Manuel Arteaga

Personal information
- Full name: Manuel Alejandro Arteaga Rubianes
- Date of birth: 17 June 1994 (age 32)
- Place of birth: Maracaibo, Venezuela
- Height: 1.85 m (6 ft 1 in)
- Position: Forward

Team information
- Current team: Las Vegas Lights FC
- Number: 9

Youth career
- 2004–2008: U.A. Maracaibo
- 2008–2010: Zulia

Senior career*
- Years: Team / Apps / (Gls)
- 2010–2016: Zulia / 80 / (33)
- 2012–2013: → Parma (loan) / 0 / (0)
- 2013–2014: → Dep.
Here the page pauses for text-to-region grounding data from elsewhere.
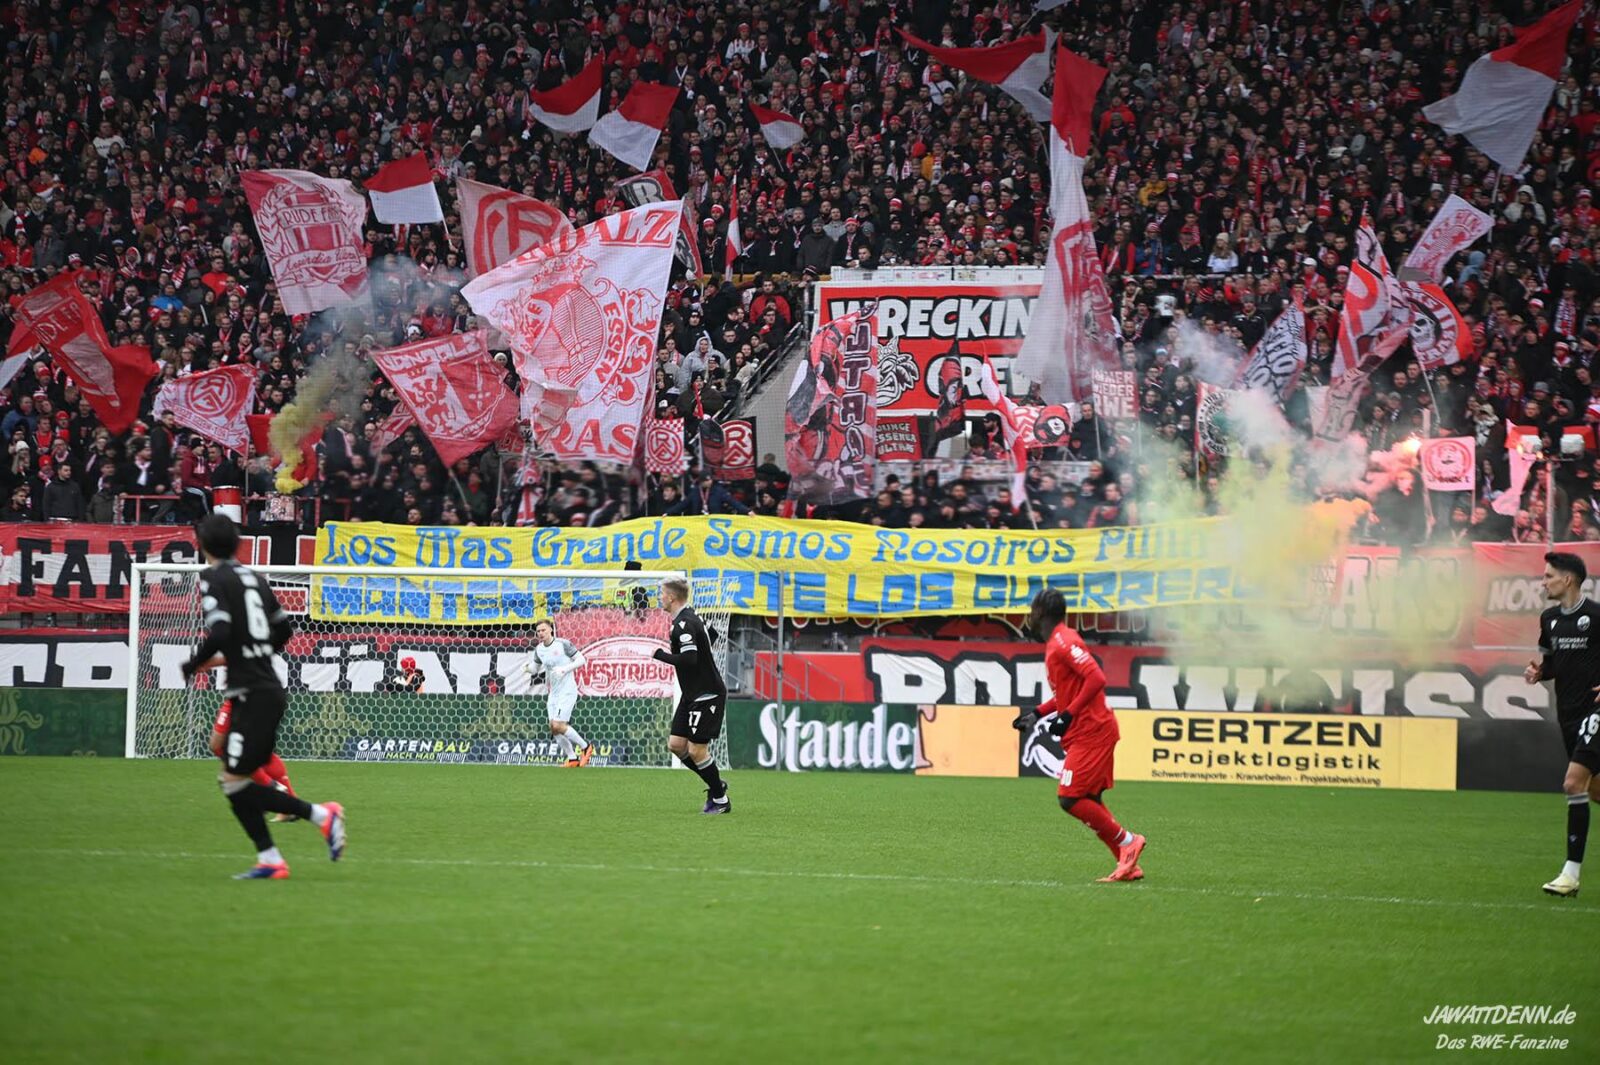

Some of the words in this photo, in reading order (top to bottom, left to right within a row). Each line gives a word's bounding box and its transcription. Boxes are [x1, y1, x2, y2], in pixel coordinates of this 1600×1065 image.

[830, 297, 1038, 338] WRECKIN
[595, 302, 625, 384] ESSEN
[324, 524, 396, 566] Los
[532, 520, 687, 568] Grande
[704, 518, 852, 560] Somos
[872, 529, 1075, 566] Nosotros
[16, 538, 198, 598] FANS
[848, 573, 955, 615] LOS
[973, 566, 1258, 609] GUERRER
[244, 588, 270, 641] 6
[688, 711, 702, 728] 17
[1152, 717, 1382, 748] GERTZEN
[227, 731, 245, 757] 6
[357, 739, 471, 753] GARTENBAU
[386, 751, 412, 760] NACH
[1152, 748, 1381, 772] Projektlogistik
[1151, 769, 1228, 781] Schwertransporte
[1235, 773, 1292, 783] Kranarbeiten
[1300, 774, 1382, 787] Projektabwicklung
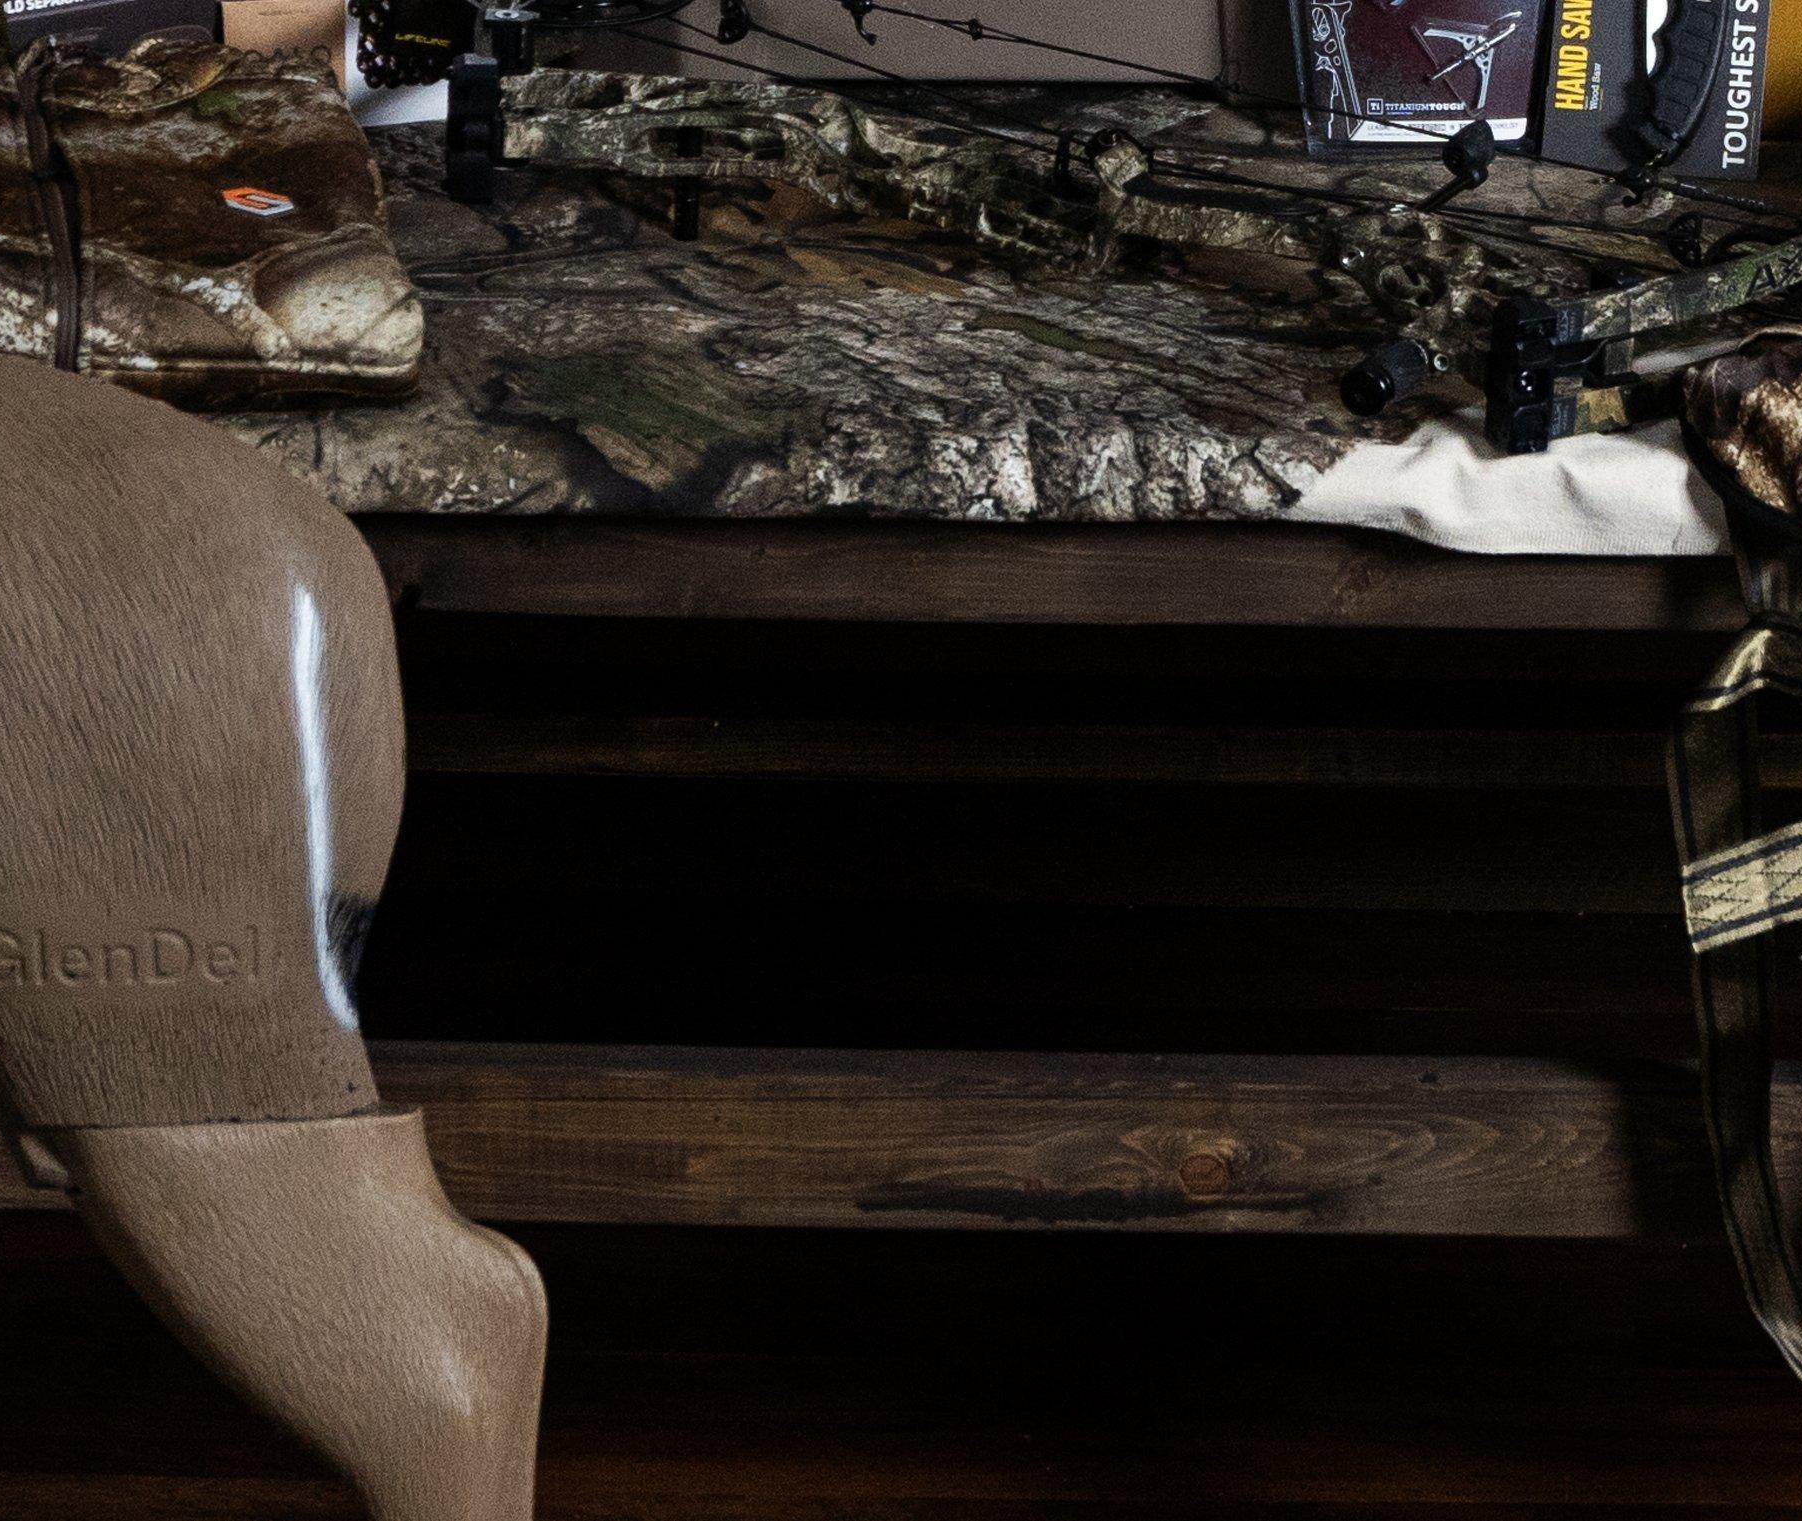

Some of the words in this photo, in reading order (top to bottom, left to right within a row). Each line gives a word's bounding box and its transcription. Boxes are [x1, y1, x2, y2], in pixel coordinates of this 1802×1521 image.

[1554, 44, 1589, 111] HAND
[1591, 62, 1602, 84] Saw
[1722, 20, 1758, 169] TOUGHEST
[1589, 84, 1600, 111] Wood
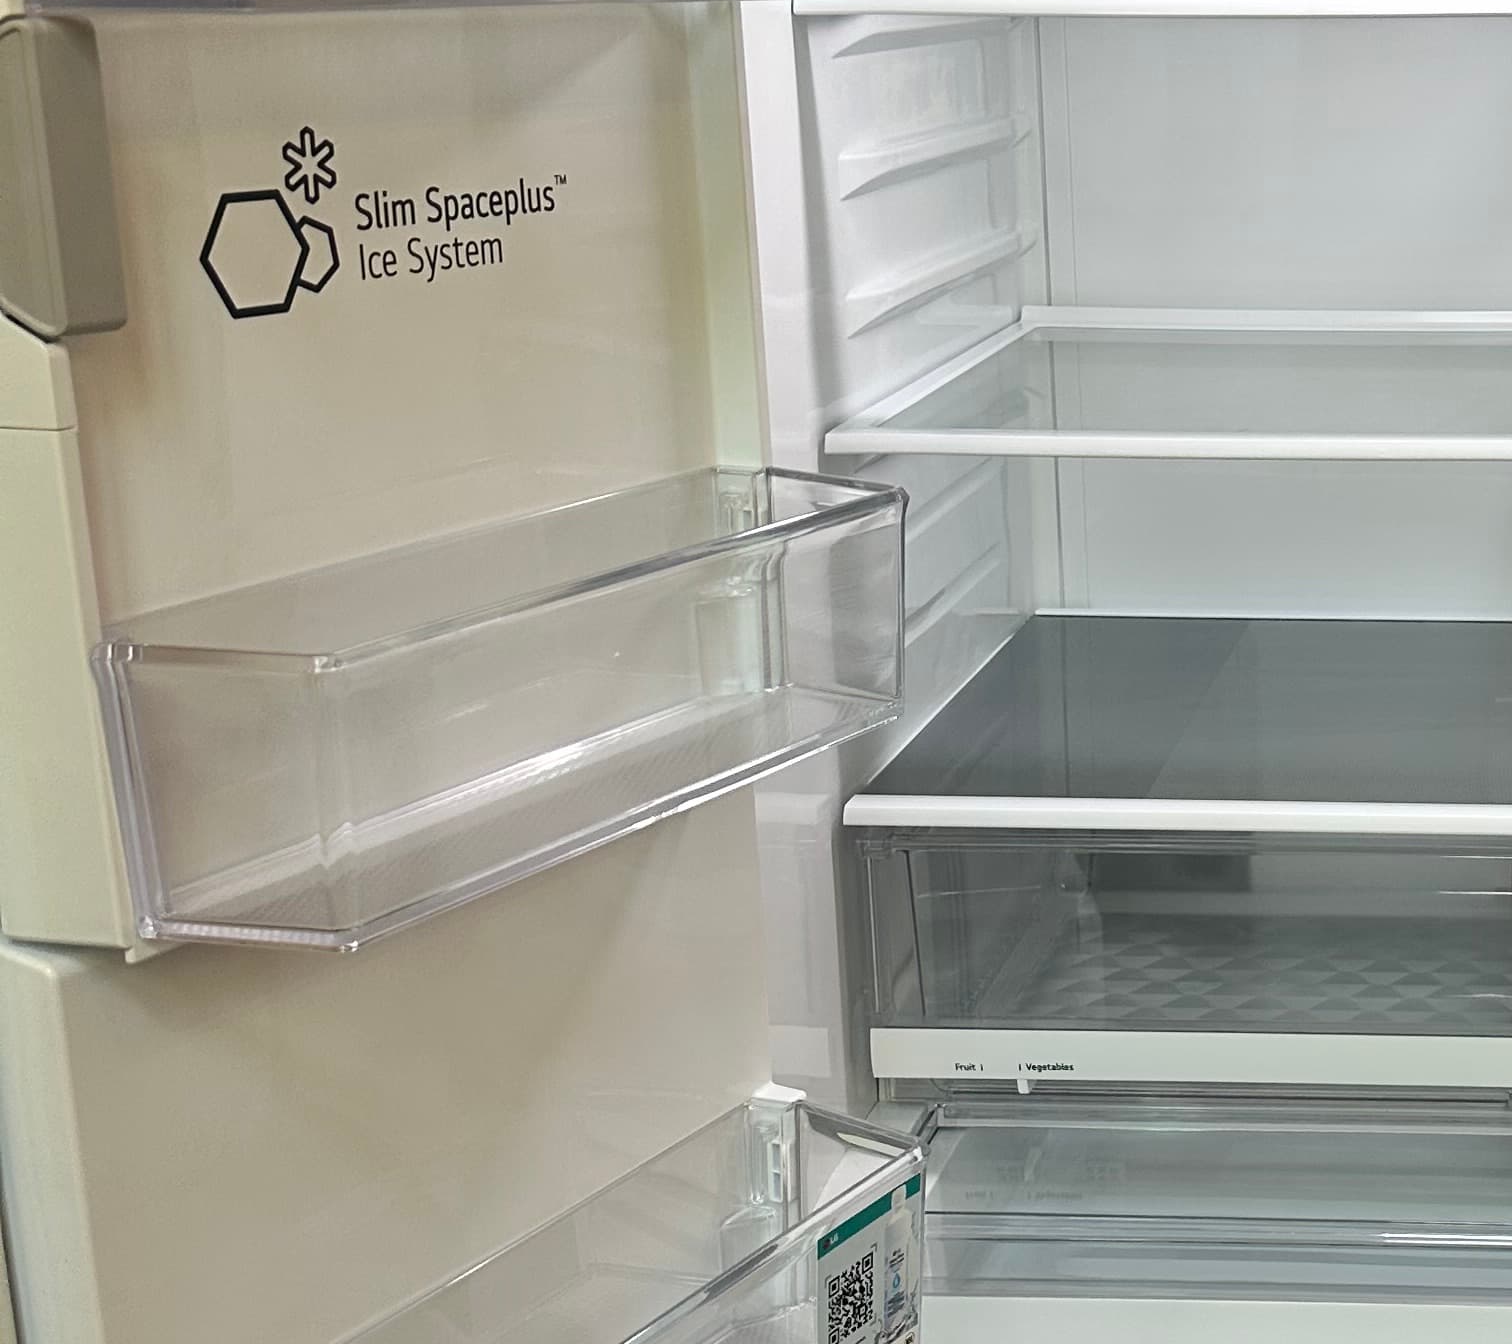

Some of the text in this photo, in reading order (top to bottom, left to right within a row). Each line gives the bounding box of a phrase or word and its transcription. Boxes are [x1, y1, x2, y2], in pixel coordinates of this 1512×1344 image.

[355, 190, 417, 231] Slim
[359, 236, 504, 282] Ice System
[954, 1062, 1075, 1073] Fruit Vegetables
Anzoategui (loan) / 20 / (5)
- 2016–2017: Palermo / 0 / (0)
- 2016: → Hajduk Split (loan) / 2 / (0)
- 2016–2017: → The Strongest (loan) / 11 / (1)
- 2017: Seraing United / 6 / (1)
- 2017–2018: Deportivo La Guaira / 33 / (15)
- 2018–2019: Arouca / 18 / (1)
- 2019–2021: Zamora / 29 / (12)
- 2021–2022: Indy Eleven / 53 / (15)
- 2023: Phoenix Rising / 37 / (15)
- 2024–2025: Tampa Bay Rowdies / 63 / (26)
- 2026–: Las Vegas Lights FC

International career^{‡}
- Venezuela U17 / 3 / (2)
- 2012–: Venezuela U20 / 4 / (0)
- 2011–: Venezuela / 3 / (0)

= Manuel Arteaga =

Venezuelan footballer (born 1994)

Manuel Alejandro Arteaga Rubianes (born 17 June 1994) is a Venezuelan professional footballer who plays as a forward for Las Vegas Lights FC in the USL Championship.

==Club career==

===Zulia===
Arteaga began his career with Zulia FC. where he made his debut on 15 August 2010 in a 4–1 victory over Atlético El Vigía. He scored his first senior goal against Deportivo Petare on 20 February 2011, coming on as a 69th minute sub he scored in the 85th minute to seal a 1–0 victory for his team. On 30 October 2011, Arteaga scored a 67th-minute equaliser (2–2) against Estudiantes de Mérida it ended 2–2. He scored in the 8th minute beating Trujillanos FC 1–0 on 6 November 2011. Arteaga scored the only goal in the 1-0 match v Anzoátegui on 15 April 2012, he also scored the first goal in the 18th minute against Yaracuyanos FC on 22 April 2012 where his team won 2–1 away from home.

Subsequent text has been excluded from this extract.